Information given.
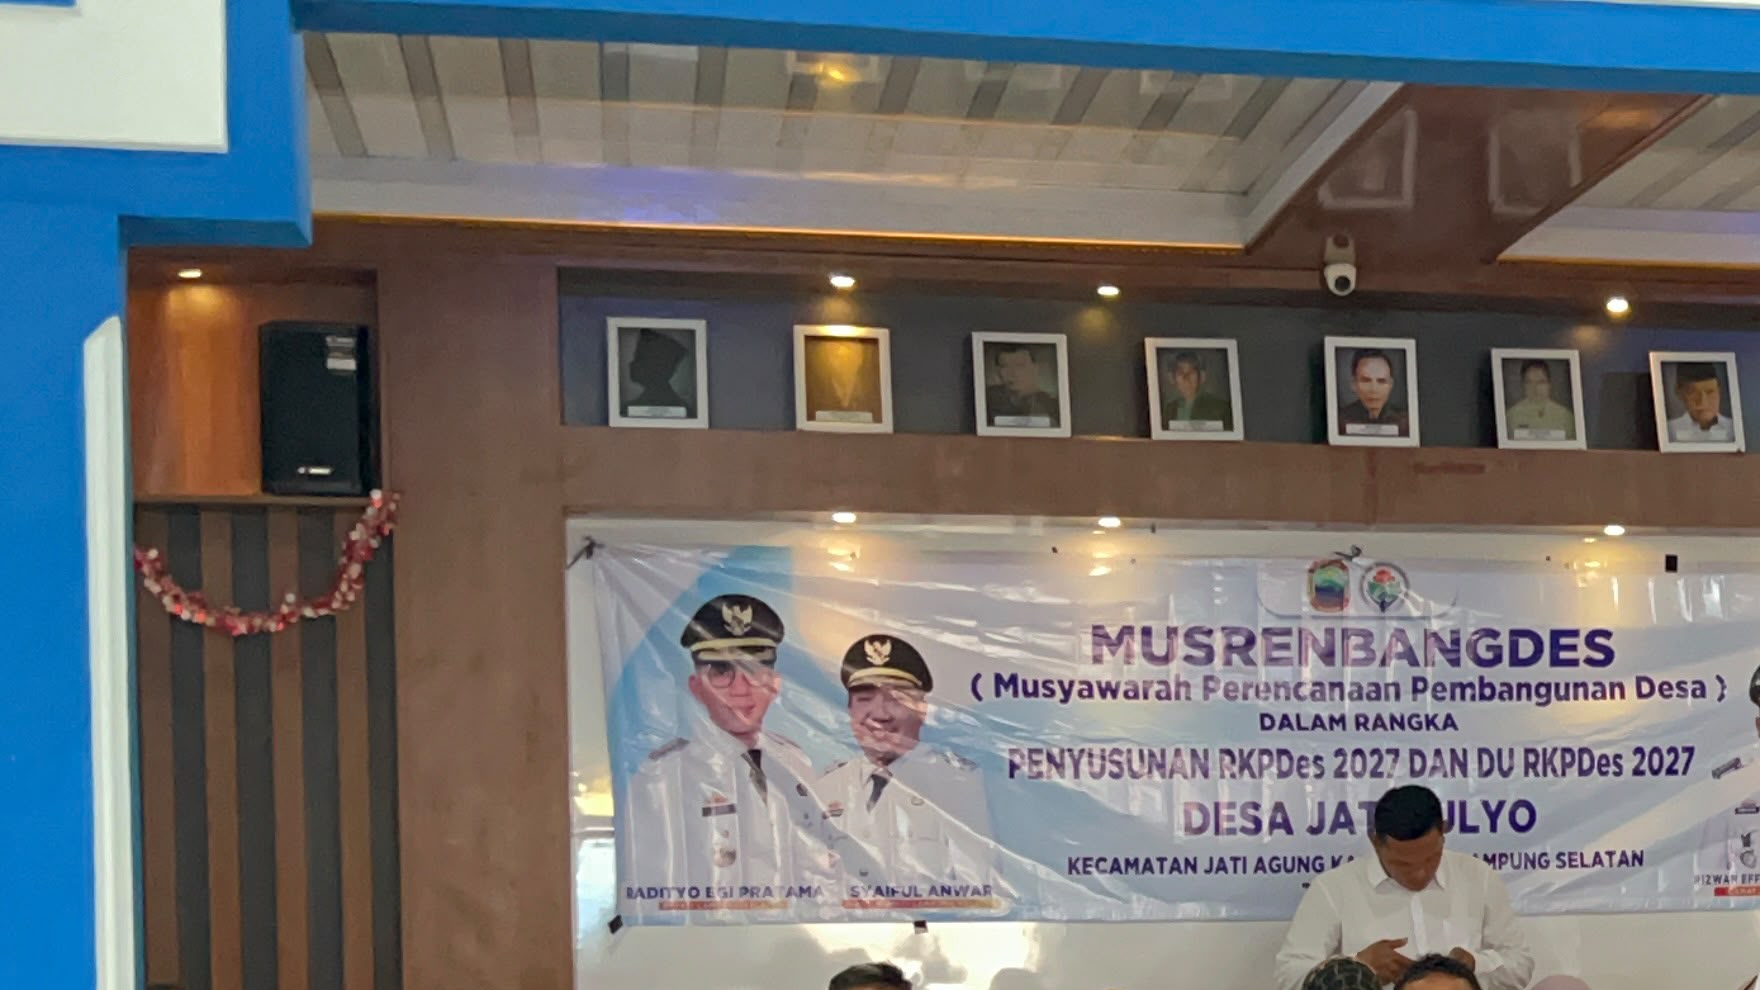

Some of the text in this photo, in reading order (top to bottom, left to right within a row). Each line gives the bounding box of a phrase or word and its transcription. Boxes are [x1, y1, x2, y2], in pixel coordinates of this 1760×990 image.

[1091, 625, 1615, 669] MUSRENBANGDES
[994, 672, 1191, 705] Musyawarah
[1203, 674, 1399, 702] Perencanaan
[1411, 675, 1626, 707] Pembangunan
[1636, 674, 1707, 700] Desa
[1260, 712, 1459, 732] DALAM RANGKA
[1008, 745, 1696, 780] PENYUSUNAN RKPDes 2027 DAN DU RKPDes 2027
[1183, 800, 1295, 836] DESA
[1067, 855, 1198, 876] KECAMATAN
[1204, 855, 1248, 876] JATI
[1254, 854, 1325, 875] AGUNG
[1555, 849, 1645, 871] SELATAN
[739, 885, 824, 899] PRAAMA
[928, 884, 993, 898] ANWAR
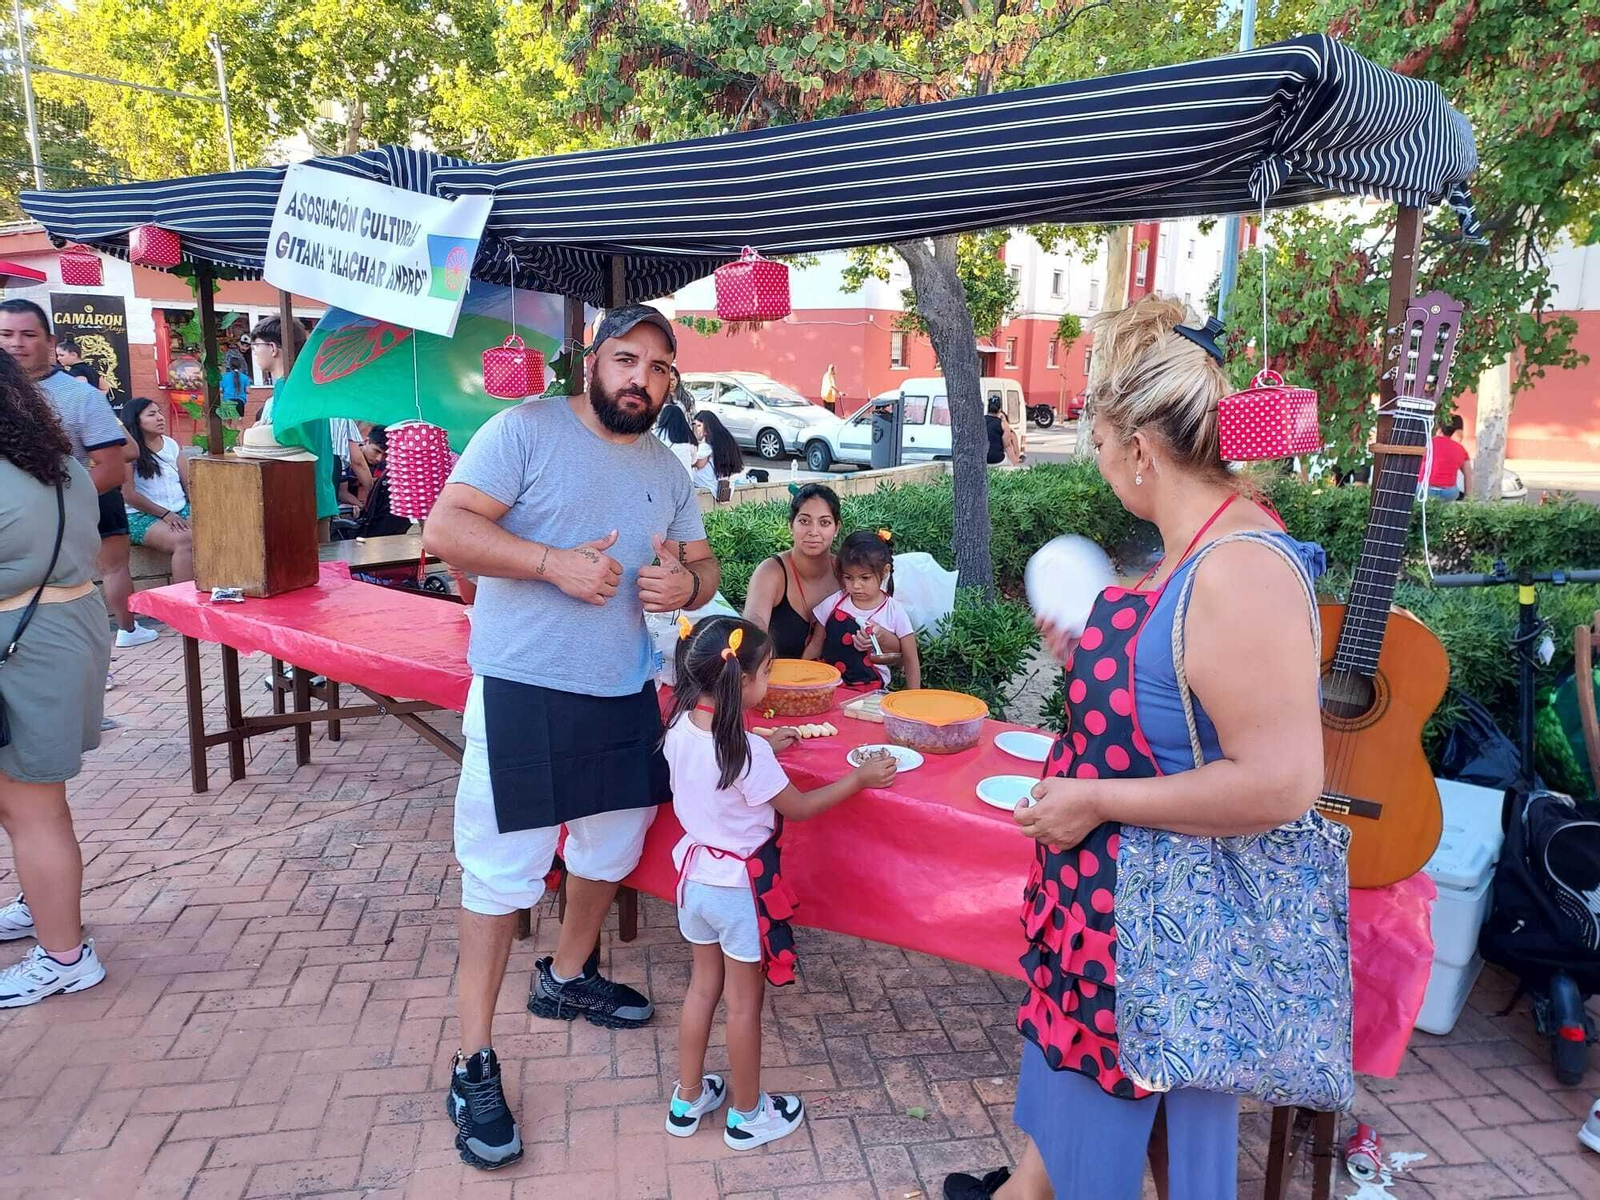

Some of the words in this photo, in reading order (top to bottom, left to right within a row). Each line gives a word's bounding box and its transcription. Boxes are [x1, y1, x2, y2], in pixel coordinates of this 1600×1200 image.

Exercise objective.
Except for the pictures, copy every line of the records above exactly.

Response area.
Some of the text in this photo, in reading order (top to bottom, left to right within a row). Each line gives the bounding box of a phrase or word and its transcription. Boxes are [x1, y1, x2, y2], in pixel coordinates of this 1760×990 image.

[1091, 625, 1615, 669] MUSRENBANGDES
[994, 672, 1191, 705] Musyawarah
[1203, 674, 1399, 702] Perencanaan
[1411, 675, 1626, 707] Pembangunan
[1636, 674, 1707, 700] Desa
[1260, 712, 1459, 732] DALAM RANGKA
[1008, 745, 1696, 780] PENYUSUNAN RKPDes 2027 DAN DU RKPDes 2027
[1183, 800, 1295, 836] DESA
[1067, 855, 1198, 876] KECAMATAN
[1204, 855, 1248, 876] JATI
[1254, 854, 1325, 875] AGUNG
[1555, 849, 1645, 871] SELATAN
[739, 885, 824, 899] PRAAMA
[928, 884, 993, 898] ANWAR

Some of the words in this photo, in reading order (top to bottom, left to right within a row). Each line gives a word's bounding box and its transcription. Boxes are [x1, y1, x2, y2], in pixel coordinates of this 1600×1200 image.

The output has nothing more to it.